Is there a link between the Brain and Celiac Disease or gluten-intolerance?
Many of us with Celiac or gluten-intolerance know pretty quickly when we’ve gotten “glutanized”. For me and lots in our Gluten-Free community, before the gut issues kick in… we feel the Brain Fog. And in recent years the scientific community is confirming what we’ve know forever: The Brain / Gut connection is REAL!
Turns out there are many gluten/brain related issues:
1) Migraine headaches: My first symptom – when I was 12, decades before diagnosis, was severe migraine headaches. I suffered for years! Miraculously, the migraines disappeared about 6 months into my new Gluten-Free lifestyle. In all my years of debilitating migraines, no one ever mentioned the possibility of Celiac Disease. Thankfully, the link is now well documented. In fact, in a 2019 study, 32.5% of people who had celiac disease experienced migraine without aura, while 15.4% experienced migraine with aura. A quick Google search will reveal a multitude of studies confirming the link between Celiac Disease and migraines.
2) ADHD: Seems we all know parents who have put their kids on a Gluten-Free diet hoping to improve behavior issues. Studies show that the presence of Celiac Disease is much higher in children and adults with ADHD compared to the general population. A gluten-free diet significantly improved ADHD symptoms in patients with Celiac Disease in one study. The results further suggest that Celiac Disease should be included in the ADHD symptom checklist.
3) Gluten-Ataxia: While rare, Gluten Ataxia is a neurological condition in which an autoimmune response to the gluten protein found in wheat, barley, and rye can irreversibly damage the part of the brain called the cerebellum. This can potentially cause issues with gait and gross motor skills, resulting in loss of coordination. Several studies show a gluten-free diet can help lessen or halt the progression the the disorder.
4) Depression & Anxiety: Research shows that people with Celiac Disease, especially women, suffer a higher than average rate of anxiety and depression. Read more about that here from Science Daily. Another study reported that “people who test negative for Celiac Disease but who have been diagnosed with gluten sensitivity also report higher levels of depression and anxiety”
5) Bi-Polar disorder & schizophrenia: In bipolar disorder, there are studies that indicate people with Celiac Disease or gluten sensitivity may have higher rates of this mental condition. Studies looking at levels of antibodies to gluten in the bloodstream of people with bipolar disorder and found especially high levels in those in the midst of a manic episode. Regarding schizophrenia, research suggests that people with a genetic intolerance to gluten may also be at increased risk for schizophrenia. Investigators say the link, if proven, could lead to new treatment options for a small subset of schizophrenic people.
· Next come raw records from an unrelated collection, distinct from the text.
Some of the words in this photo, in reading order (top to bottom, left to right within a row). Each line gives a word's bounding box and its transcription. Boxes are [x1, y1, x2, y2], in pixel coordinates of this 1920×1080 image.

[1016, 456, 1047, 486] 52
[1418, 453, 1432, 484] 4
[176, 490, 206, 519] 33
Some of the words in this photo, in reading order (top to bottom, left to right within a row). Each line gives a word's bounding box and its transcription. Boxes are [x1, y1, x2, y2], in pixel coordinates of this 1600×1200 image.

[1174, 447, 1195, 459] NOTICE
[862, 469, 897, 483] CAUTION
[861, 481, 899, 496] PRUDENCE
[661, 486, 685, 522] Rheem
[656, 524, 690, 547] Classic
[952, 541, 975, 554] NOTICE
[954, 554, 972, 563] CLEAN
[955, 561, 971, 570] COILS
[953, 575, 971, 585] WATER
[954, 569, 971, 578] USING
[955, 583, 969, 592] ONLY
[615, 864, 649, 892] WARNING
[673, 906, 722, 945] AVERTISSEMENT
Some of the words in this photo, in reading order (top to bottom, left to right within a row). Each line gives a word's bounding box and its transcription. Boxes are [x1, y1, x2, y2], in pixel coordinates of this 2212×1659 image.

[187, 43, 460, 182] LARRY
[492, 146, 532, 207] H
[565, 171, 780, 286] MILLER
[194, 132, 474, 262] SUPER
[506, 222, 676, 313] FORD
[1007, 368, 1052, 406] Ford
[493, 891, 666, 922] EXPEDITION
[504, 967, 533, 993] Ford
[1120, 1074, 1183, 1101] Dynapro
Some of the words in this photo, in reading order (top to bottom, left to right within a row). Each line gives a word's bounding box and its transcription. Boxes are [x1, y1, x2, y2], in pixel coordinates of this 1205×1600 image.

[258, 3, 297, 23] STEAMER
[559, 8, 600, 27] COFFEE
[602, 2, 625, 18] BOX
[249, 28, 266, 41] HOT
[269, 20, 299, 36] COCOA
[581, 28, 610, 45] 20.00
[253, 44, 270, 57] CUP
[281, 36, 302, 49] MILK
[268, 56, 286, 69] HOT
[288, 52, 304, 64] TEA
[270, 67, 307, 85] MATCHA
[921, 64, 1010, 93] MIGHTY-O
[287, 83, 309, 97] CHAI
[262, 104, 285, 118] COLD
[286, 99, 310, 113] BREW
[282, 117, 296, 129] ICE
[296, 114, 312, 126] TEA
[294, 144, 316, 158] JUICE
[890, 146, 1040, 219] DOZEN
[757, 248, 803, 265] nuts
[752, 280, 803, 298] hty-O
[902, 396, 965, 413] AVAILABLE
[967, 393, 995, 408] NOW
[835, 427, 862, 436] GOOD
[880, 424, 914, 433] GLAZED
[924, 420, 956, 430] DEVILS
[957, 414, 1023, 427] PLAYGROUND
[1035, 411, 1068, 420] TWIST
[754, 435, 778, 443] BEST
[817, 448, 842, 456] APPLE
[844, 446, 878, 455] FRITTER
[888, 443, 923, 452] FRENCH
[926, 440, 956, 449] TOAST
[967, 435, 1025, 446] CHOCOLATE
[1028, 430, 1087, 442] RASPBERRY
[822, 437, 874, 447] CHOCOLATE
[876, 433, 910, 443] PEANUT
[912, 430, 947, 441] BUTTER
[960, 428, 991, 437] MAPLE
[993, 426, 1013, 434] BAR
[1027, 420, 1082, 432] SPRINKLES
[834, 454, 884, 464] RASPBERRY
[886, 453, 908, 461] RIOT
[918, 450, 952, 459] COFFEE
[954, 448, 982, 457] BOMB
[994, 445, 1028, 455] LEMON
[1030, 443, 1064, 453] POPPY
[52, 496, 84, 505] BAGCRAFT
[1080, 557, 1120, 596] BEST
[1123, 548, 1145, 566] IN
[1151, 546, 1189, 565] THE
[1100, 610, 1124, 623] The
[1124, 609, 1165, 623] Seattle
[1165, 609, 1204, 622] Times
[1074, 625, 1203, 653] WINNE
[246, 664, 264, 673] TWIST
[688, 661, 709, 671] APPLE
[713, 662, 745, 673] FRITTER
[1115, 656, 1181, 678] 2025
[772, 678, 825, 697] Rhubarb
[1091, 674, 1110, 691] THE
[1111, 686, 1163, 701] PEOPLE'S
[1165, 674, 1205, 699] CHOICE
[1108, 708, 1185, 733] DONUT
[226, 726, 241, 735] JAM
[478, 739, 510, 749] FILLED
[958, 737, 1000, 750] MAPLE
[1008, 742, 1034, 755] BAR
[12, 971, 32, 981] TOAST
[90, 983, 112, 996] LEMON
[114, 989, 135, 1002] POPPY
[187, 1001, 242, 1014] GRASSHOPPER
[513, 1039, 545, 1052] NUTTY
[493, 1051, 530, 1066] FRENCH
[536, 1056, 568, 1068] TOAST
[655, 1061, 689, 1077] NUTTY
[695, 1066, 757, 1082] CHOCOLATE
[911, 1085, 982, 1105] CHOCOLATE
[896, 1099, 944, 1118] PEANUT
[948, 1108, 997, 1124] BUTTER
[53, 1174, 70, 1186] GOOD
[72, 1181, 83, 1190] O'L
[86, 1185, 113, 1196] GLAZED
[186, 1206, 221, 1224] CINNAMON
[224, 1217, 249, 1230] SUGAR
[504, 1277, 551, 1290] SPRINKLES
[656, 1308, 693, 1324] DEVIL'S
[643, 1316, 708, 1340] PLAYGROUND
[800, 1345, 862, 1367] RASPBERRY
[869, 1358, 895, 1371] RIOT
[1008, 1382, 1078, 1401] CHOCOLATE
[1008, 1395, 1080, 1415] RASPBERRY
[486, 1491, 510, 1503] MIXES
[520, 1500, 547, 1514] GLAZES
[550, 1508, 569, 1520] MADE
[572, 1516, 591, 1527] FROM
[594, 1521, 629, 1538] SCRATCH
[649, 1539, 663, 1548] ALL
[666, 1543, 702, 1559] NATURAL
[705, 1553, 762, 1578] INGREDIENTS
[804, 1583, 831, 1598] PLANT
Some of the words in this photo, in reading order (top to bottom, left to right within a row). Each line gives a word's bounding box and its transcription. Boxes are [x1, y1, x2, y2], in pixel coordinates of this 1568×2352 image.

Researchers from John’s Hopkins University’s Bloomberg School of Public Health found people with Celiac Disease to be three times as likely as the general population to develop schizophrenia.
Of course, these are just a few potential connections between the Brain and Gut. If you’re still skeptical , I would suggest you consider this: Have you ever had “butterflies” in your stomach? Of course you know that feeling didn’t happen in your stomach, right? It was your brain that instantly instigated that feeling in your gut.
Based on my own experience and the research available, I believe there is a undeniable connection between the Brain and our Gut. I look forward to the continuing research that might encourage the Gluten-Free Diet to help treat more related issues.
HAPPY HALLOWEEN EVERYONE!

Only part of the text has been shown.